Travis Willingham is an American voice actor known for his character portrayals in video games and English anime dubs. His notable roles include Roy Mustang in the Fullmetal Alchemist franchise, Cleo in Glass Fleet, Ginko in Mushishi, Portgas D. Ace in One Piece, Takashi "Mori" Morinozuka in Ouran High School Host Club, Yu Kanda in D. Gray-man, and Cameron Campbell in Camp Camp.

Willingham's video game roles include Guile in the Street Fighter franchise, Knuckles the Echidna in the Sonic the Hedgehog franchise from 2010 to his resignation in 2018, Thor in various Marvel productions, and Isaac Frost in Fight Night Champion. He has been a cast member of the web series Critical Role since 2015, in which he and other voice actors play Dungeons & Dragons. He co-founded the production company Critical Role Productions, for which he has been chief executive officer (CEO) since 2019.

==Early life==
Travis Willingham was born in Dallas. He has a brother named Carson. He became interested in acting in fifth grade. After sixth grade, he moved from a private school to J.L. Long Middle School. He later graduated from Woodrow Wilson High School, and studied at Texas Christian University.

==Career==
Willingham learned that the English dub of Dragon Ball Z was being recorded in Dallas, and asked Laura Bailey, who he knew through their talent agency, to "put in a good word for him". A director there asked him to audition for the part of Roy Mustang in Fullmetal Alchemist, and he received the role. While he described it as "the most intensive, spirit-crushing time ever in voiceover", it ultimately led to his rise to prominence in the industry. He later reprised the role in Fullmetal Alchemist: Brotherhood.
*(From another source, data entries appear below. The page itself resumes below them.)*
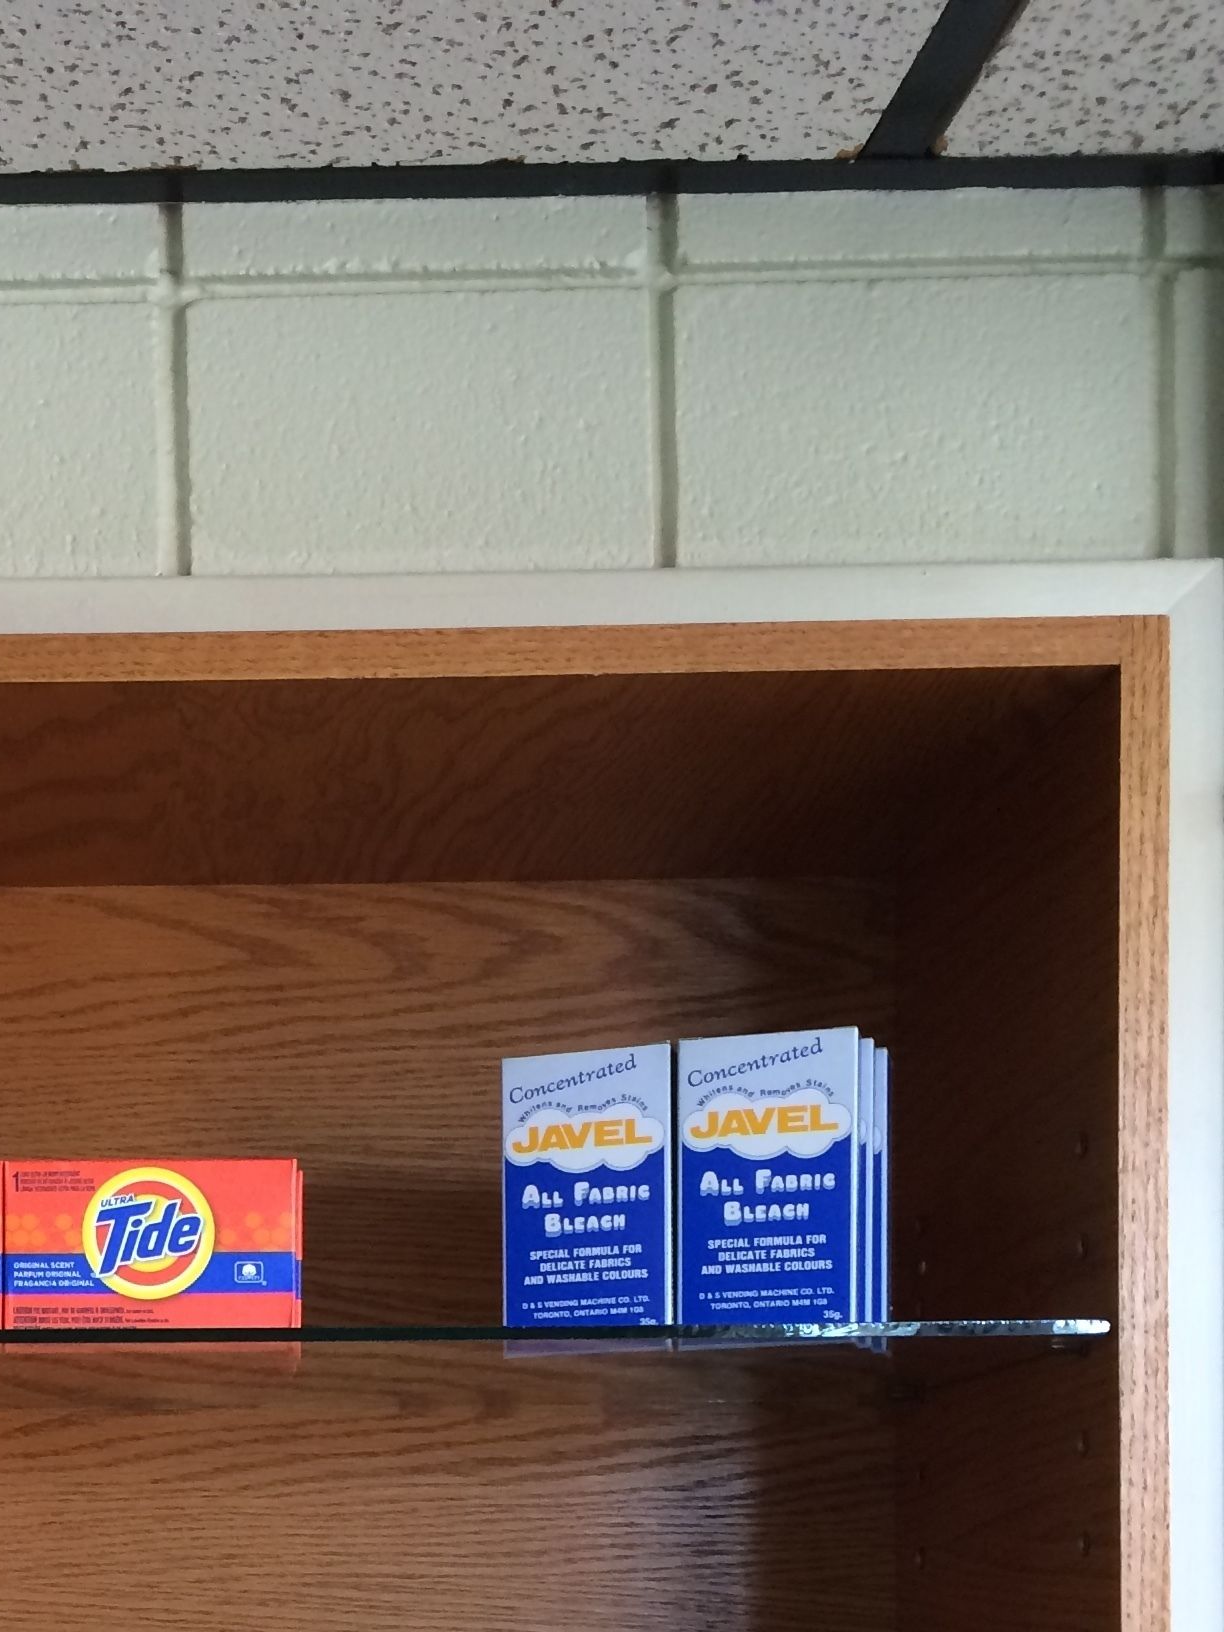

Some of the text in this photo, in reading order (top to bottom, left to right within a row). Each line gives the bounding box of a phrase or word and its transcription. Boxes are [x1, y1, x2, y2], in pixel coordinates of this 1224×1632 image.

[687, 1037, 823, 1088] Concentrated
[509, 1053, 637, 1104] Concentrated
[697, 1079, 834, 1107] Whitens and Removes Stains
[518, 1094, 648, 1123] Whitens and Removes Stains
[690, 1104, 839, 1139] JAVEL
[512, 1118, 652, 1153] JAVEL
[101, 1195, 134, 1207] ULTRA
[96, 1200, 204, 1277] Tide
[707, 1234, 826, 1249] SPECIAL FORMULA FOR
[529, 1244, 642, 1260] SPECIAL FORMULA FOR
[718, 1248, 815, 1262] DELICATE FABRICS
[13, 1261, 75, 1269] ORIGINAL SCENT
[540, 1257, 631, 1272] DELICATE FABRICS
[701, 1260, 833, 1275] AND WASHABLE COLOURS
[13, 1270, 81, 1279] PARFUM ORIGINAL
[524, 1269, 648, 1286] AND WASHABLE COLOURS
[58, 1279, 94, 1287] ORIGINAL
After moving to Los Angeles, Willingham attempted to pursue a career in acting but fared poorly due to his tall height (6 ft 4in). He returned to voice acting at the suggestion of his agent; Willingham had been unaware that so much voice work was recorded in the city. He went on to perform in a number of notable roles including Yu Kanda in D.Gray-man, Cleo in Glass Fleet, Ginko in Mushishi, Portgas D. Ace in the Funimation re-dub of One Piece and Takashi Morinozuka in Ouran High School Host Club. He also voices Thor in several Marvel projects and King Roland II in Disney Junior's Sofia the First. From 2010 to 2018, he was the voice of Knuckles the Echidna in the Sonic the Hedgehog series.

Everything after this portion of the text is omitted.